- Work to complete -
Return the data below exactly, minus the pictures.
______________________________
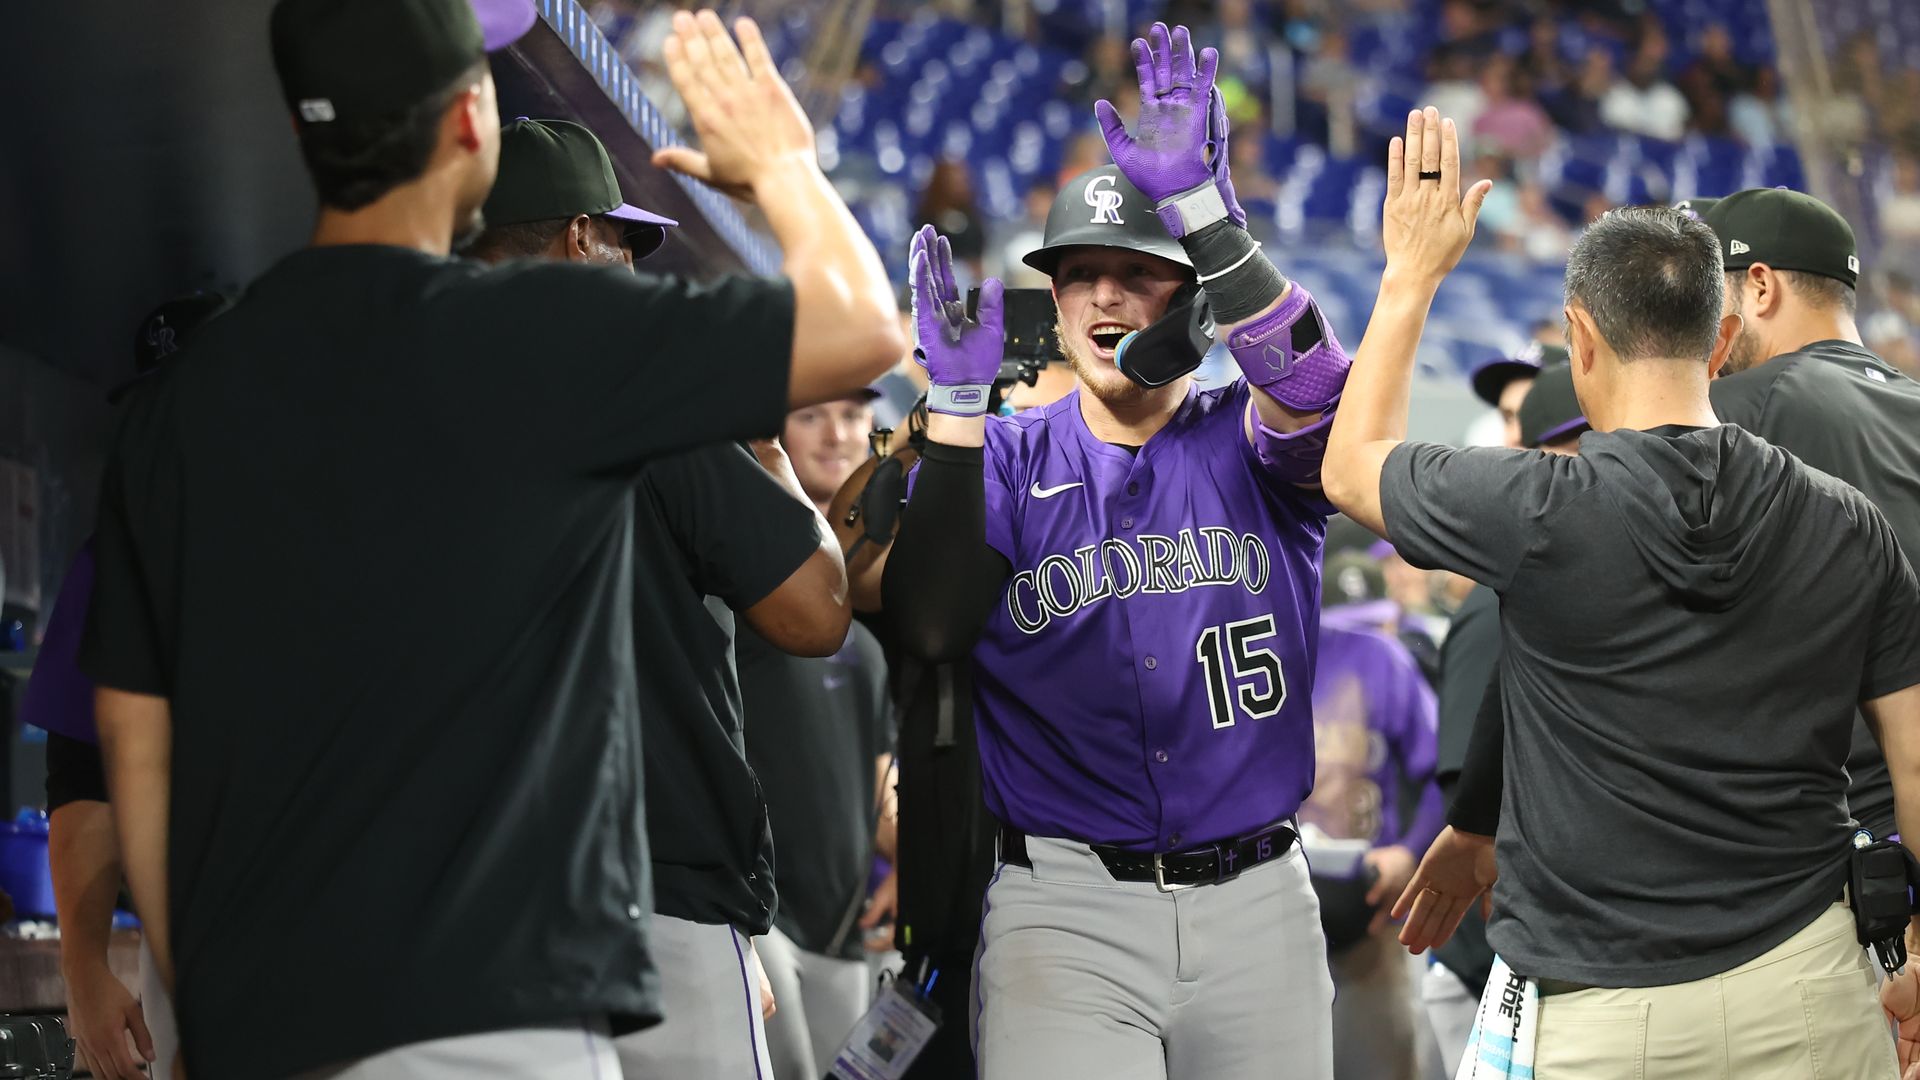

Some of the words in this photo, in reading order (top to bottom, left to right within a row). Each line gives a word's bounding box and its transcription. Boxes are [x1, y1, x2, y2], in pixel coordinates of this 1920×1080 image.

[1084, 175, 1125, 225] CR
[1007, 527, 1270, 635] COLORADO
[1196, 613, 1288, 730] 15
[1256, 836, 1272, 861] 15
______________________________
- Reply -
Some of the words in this photo, in reading order (top to bottom, left to right within a row). Each line gives a word's bounding box and its transcription. Boxes are [x1, y1, x2, y2], in pixel coordinates of this 1920×1080 image.

[1084, 175, 1125, 225] CR
[1007, 527, 1270, 635] COLORADO
[1196, 613, 1288, 730] 15
[1256, 836, 1272, 861] 15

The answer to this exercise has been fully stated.